> [Goal of the exercise]:
An exact copy of every entry is needed here; the images stay out.

> [Data provided]:

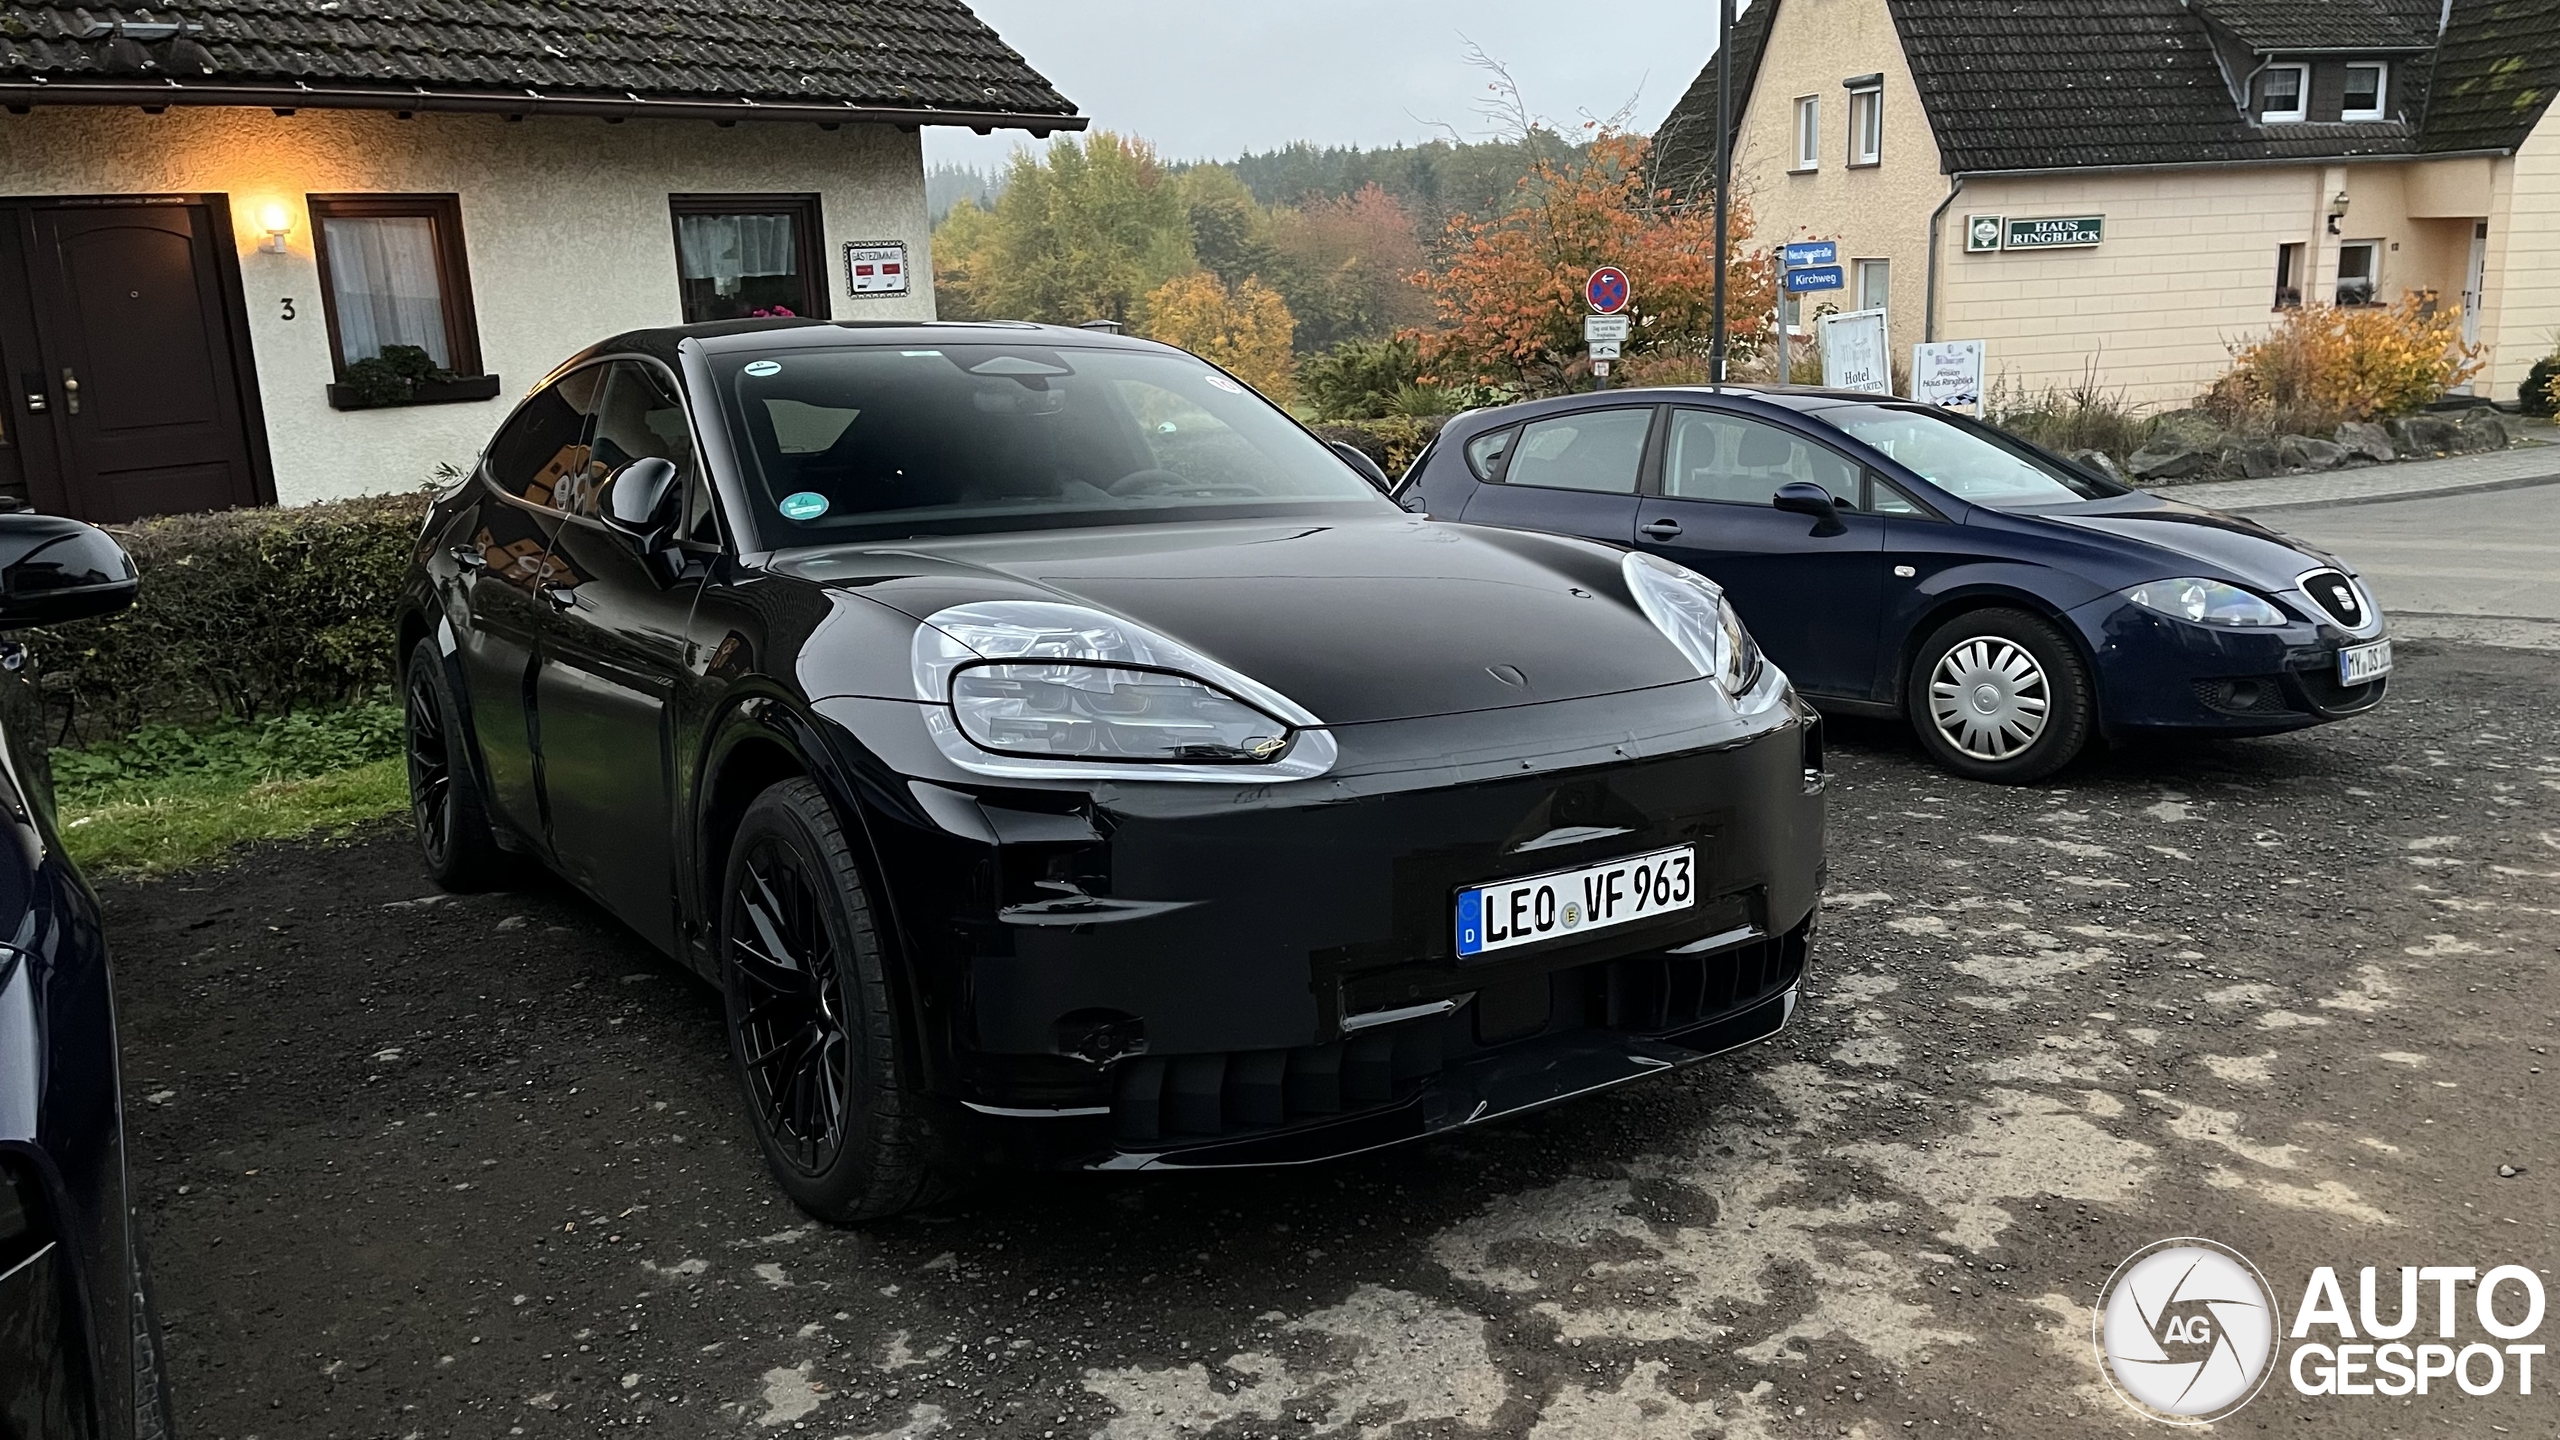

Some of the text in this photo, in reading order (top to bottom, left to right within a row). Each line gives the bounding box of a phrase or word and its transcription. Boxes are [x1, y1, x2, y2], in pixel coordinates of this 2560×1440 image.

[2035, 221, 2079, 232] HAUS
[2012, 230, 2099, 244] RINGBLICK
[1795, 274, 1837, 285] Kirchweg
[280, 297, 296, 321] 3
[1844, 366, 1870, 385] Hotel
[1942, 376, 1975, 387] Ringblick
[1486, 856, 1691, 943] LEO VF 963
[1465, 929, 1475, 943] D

> [Task output]:
Some of the text in this photo, in reading order (top to bottom, left to right within a row). Each line gives the bounding box of a phrase or word and its transcription. Boxes are [x1, y1, x2, y2], in pixel coordinates of this 2560×1440 image.

[2035, 221, 2079, 232] HAUS
[2012, 230, 2099, 244] RINGBLICK
[1795, 274, 1837, 285] Kirchweg
[280, 297, 296, 321] 3
[1844, 366, 1870, 385] Hotel
[1942, 376, 1975, 387] Ringblick
[1486, 856, 1691, 943] LEO VF 963
[1465, 929, 1475, 943] D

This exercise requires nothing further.